» **WHAT YOU SHOULD DO**
Without the images, write out the whole listing exactly.
◇ ◇ ◇
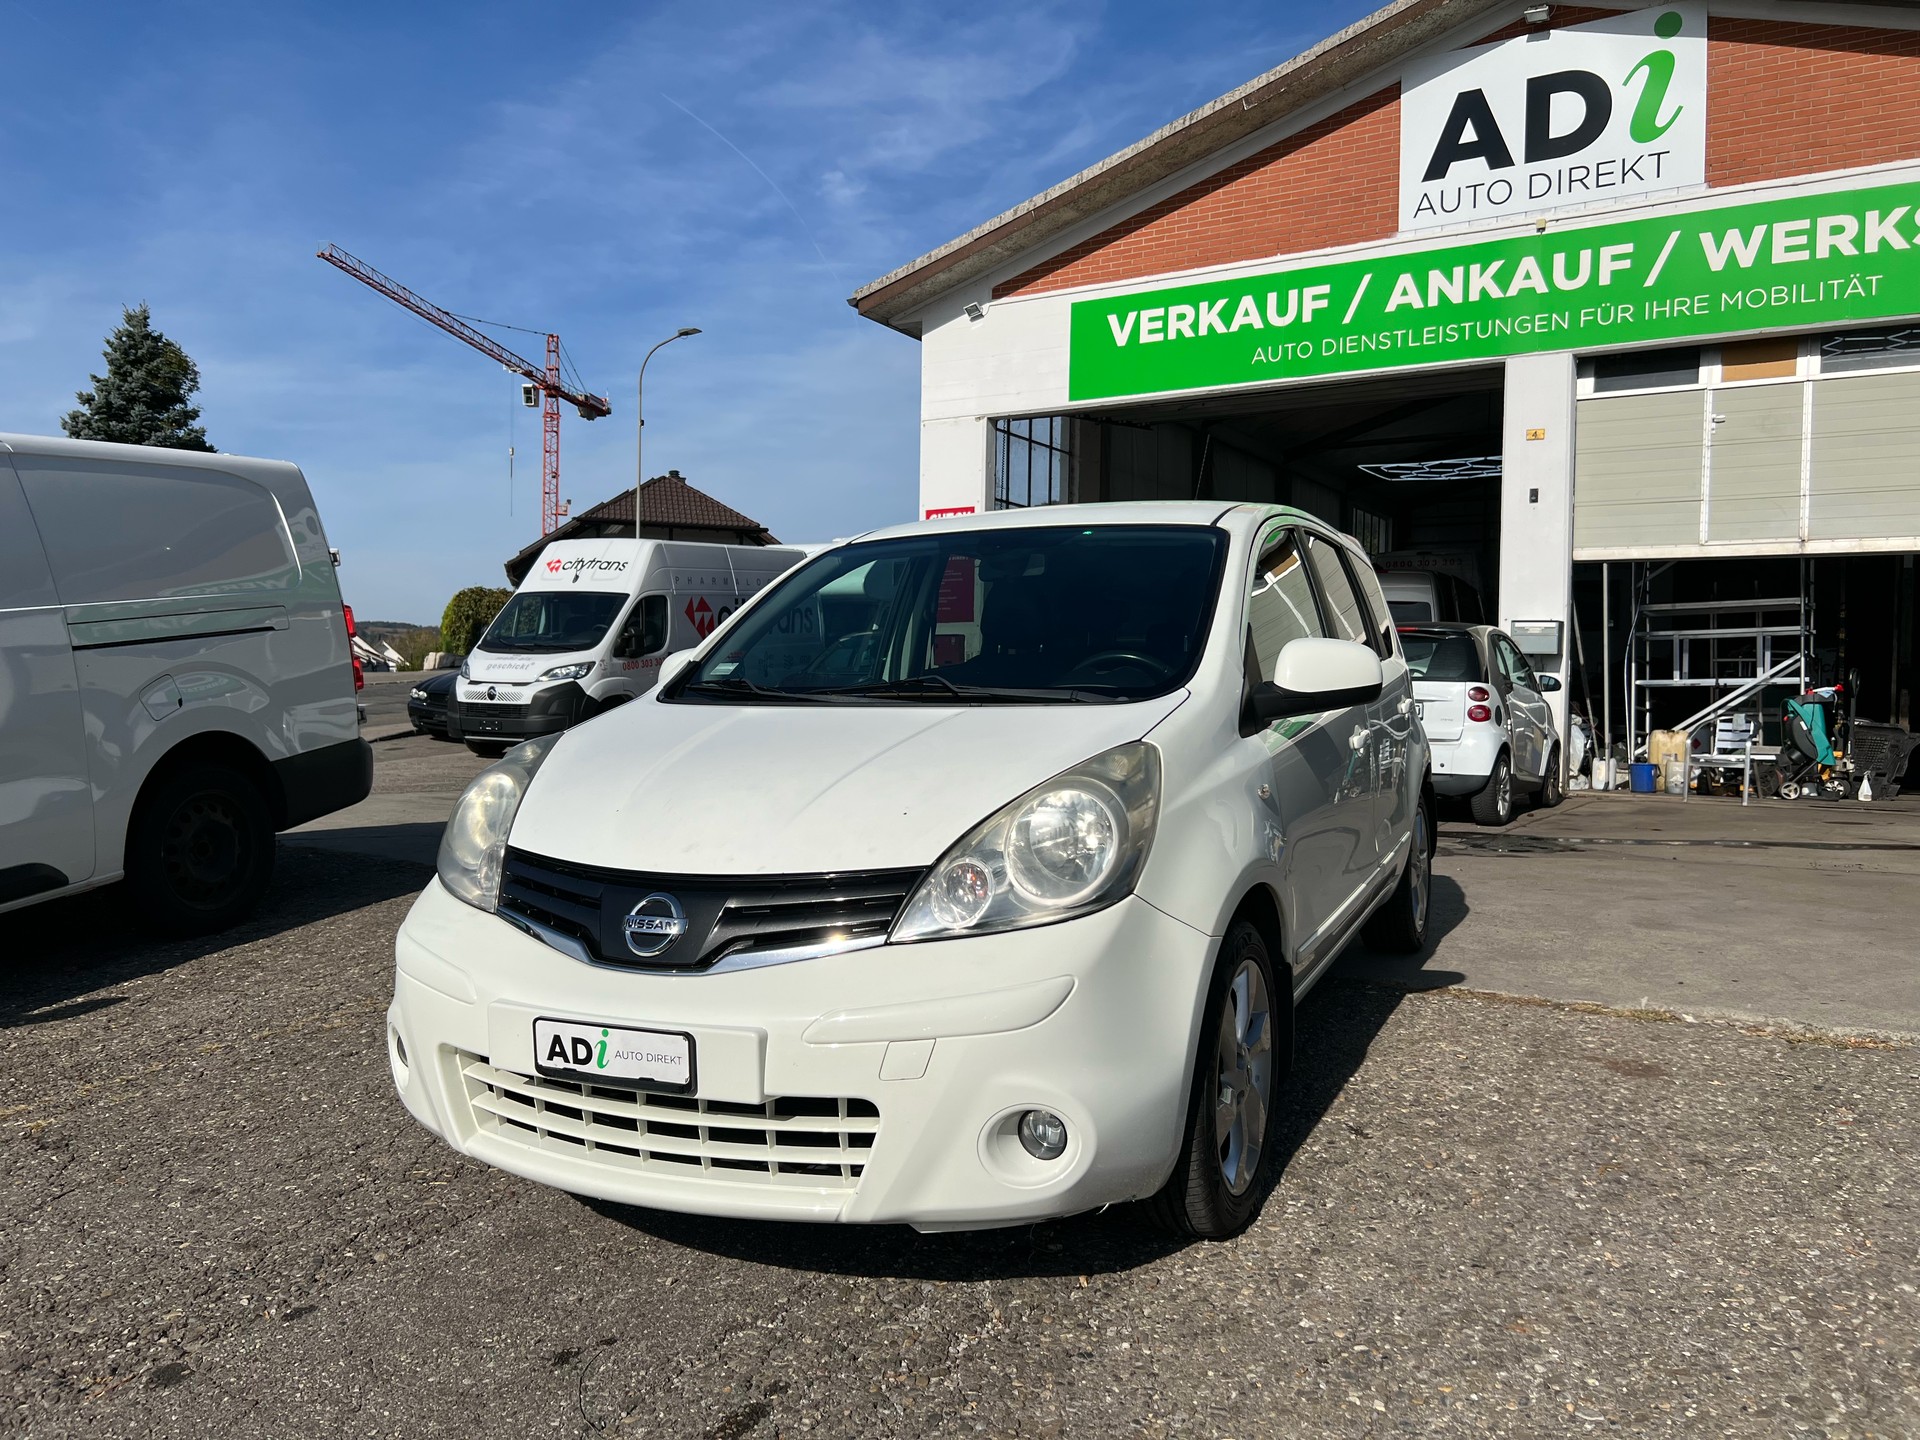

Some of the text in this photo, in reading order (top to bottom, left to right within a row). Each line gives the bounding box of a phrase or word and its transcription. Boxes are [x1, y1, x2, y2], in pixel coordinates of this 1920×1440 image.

[1413, 151, 1670, 219] AUTO DIREKT
[1106, 284, 1331, 347] VERKAUF
[1384, 242, 1634, 313] ANKAUF
[1698, 205, 1920, 272] WERK
[1251, 273, 1884, 365] AUTO DIENSTLEISTUNGEN FÜR IHRE MOBILITÄT
[562, 557, 629, 572] citytrans
[622, 660, 640, 671] 0800
[640, 658, 653, 668] 303
[625, 916, 678, 931] NISSAN
[614, 1049, 643, 1063] AUTO
[646, 1052, 683, 1066] DIREKT
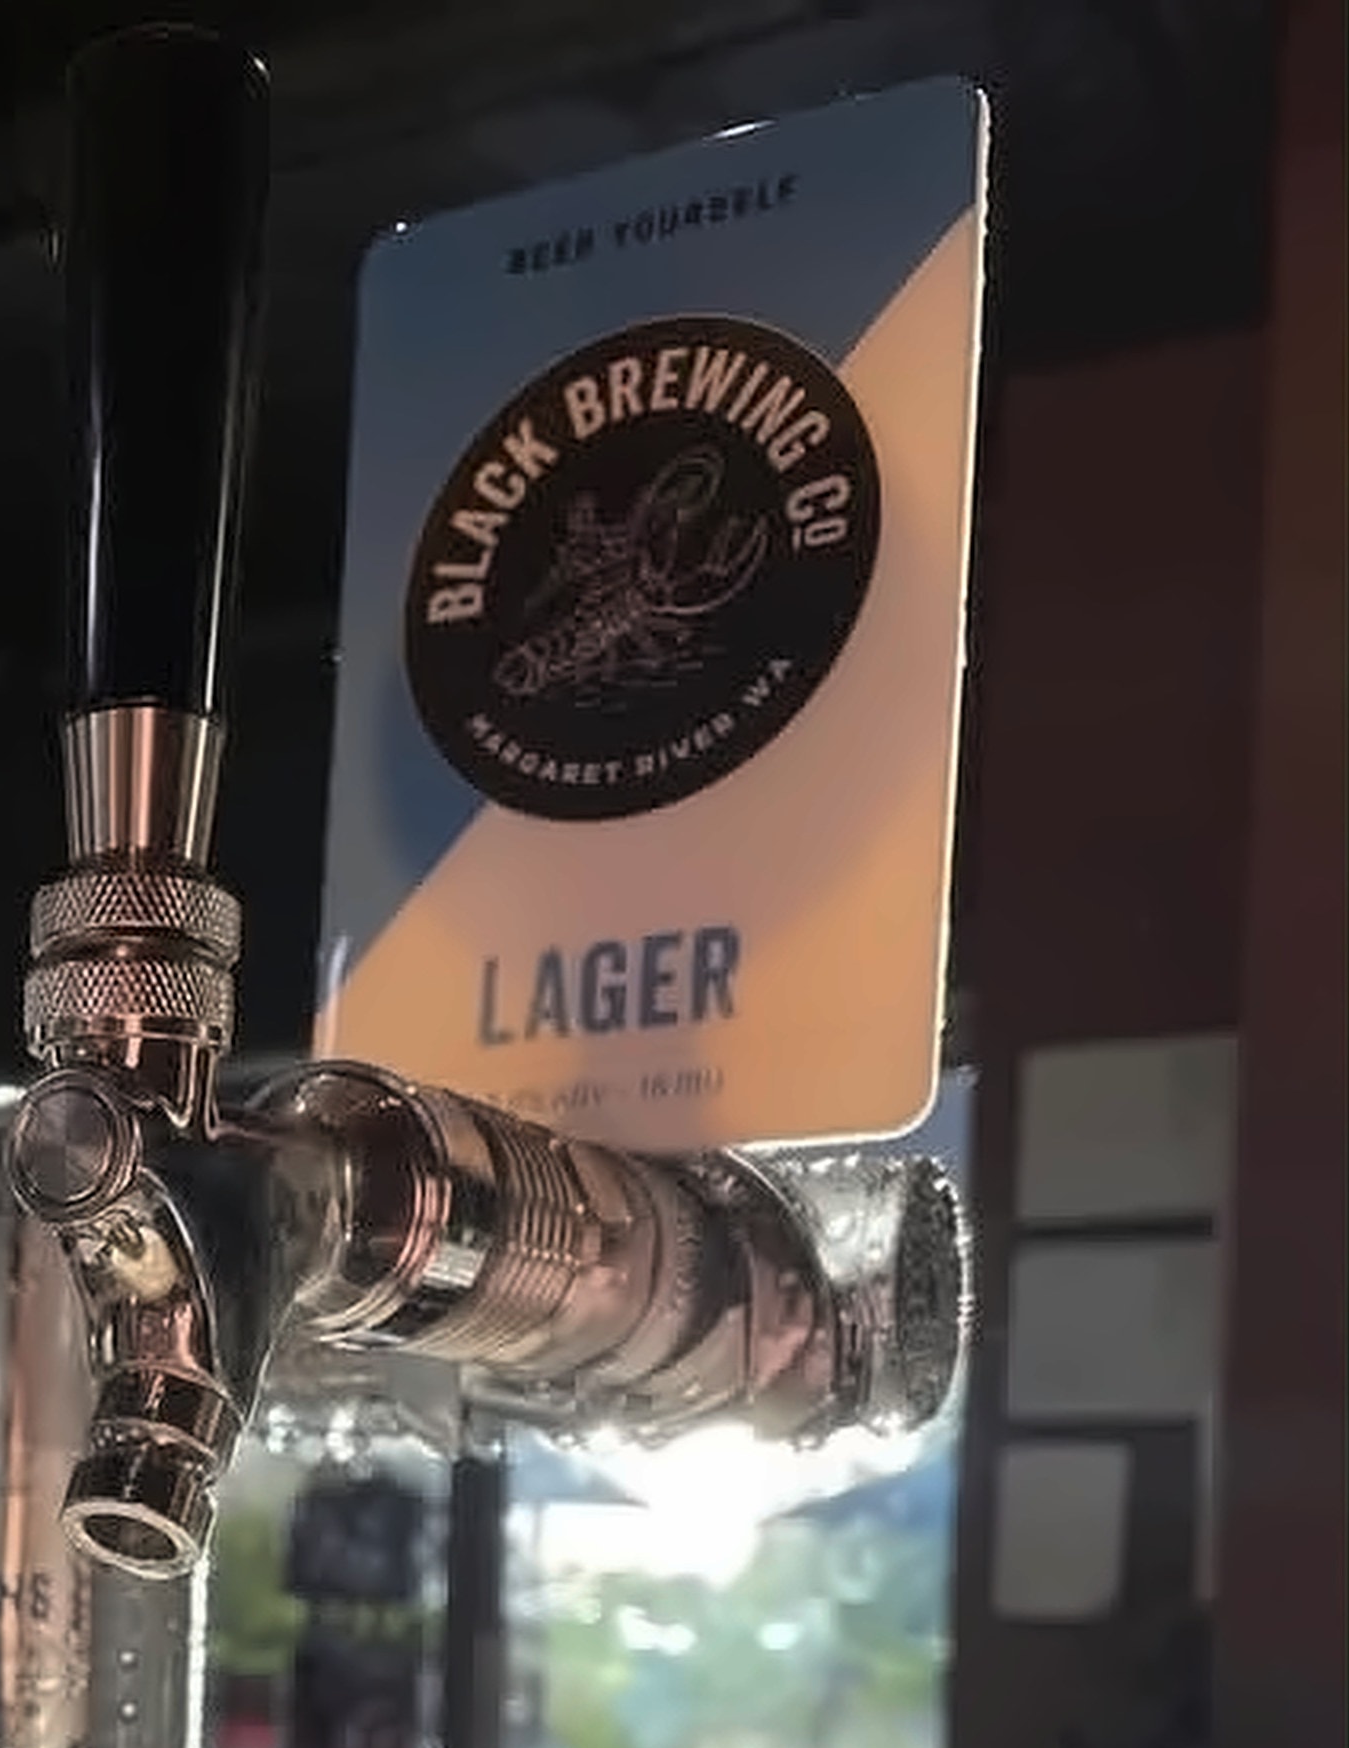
◇ ◇ ◇
» **ANSWER SPACE**
Some of the text in this photo, in reading order (top to bottom, left to right within a row). Each line gives the bounding box of a phrase or word and its transcription. Boxes are [x1, y1, x2, y2], in pixel coordinates of this 1920×1440 image.

[1413, 151, 1670, 219] AUTO DIREKT
[1106, 284, 1331, 347] VERKAUF
[1384, 242, 1634, 313] ANKAUF
[1698, 205, 1920, 272] WERK
[1251, 273, 1884, 365] AUTO DIENSTLEISTUNGEN FÜR IHRE MOBILITÄT
[562, 557, 629, 572] citytrans
[622, 660, 640, 671] 0800
[640, 658, 653, 668] 303
[625, 916, 678, 931] NISSAN
[614, 1049, 643, 1063] AUTO
[646, 1052, 683, 1066] DIREKT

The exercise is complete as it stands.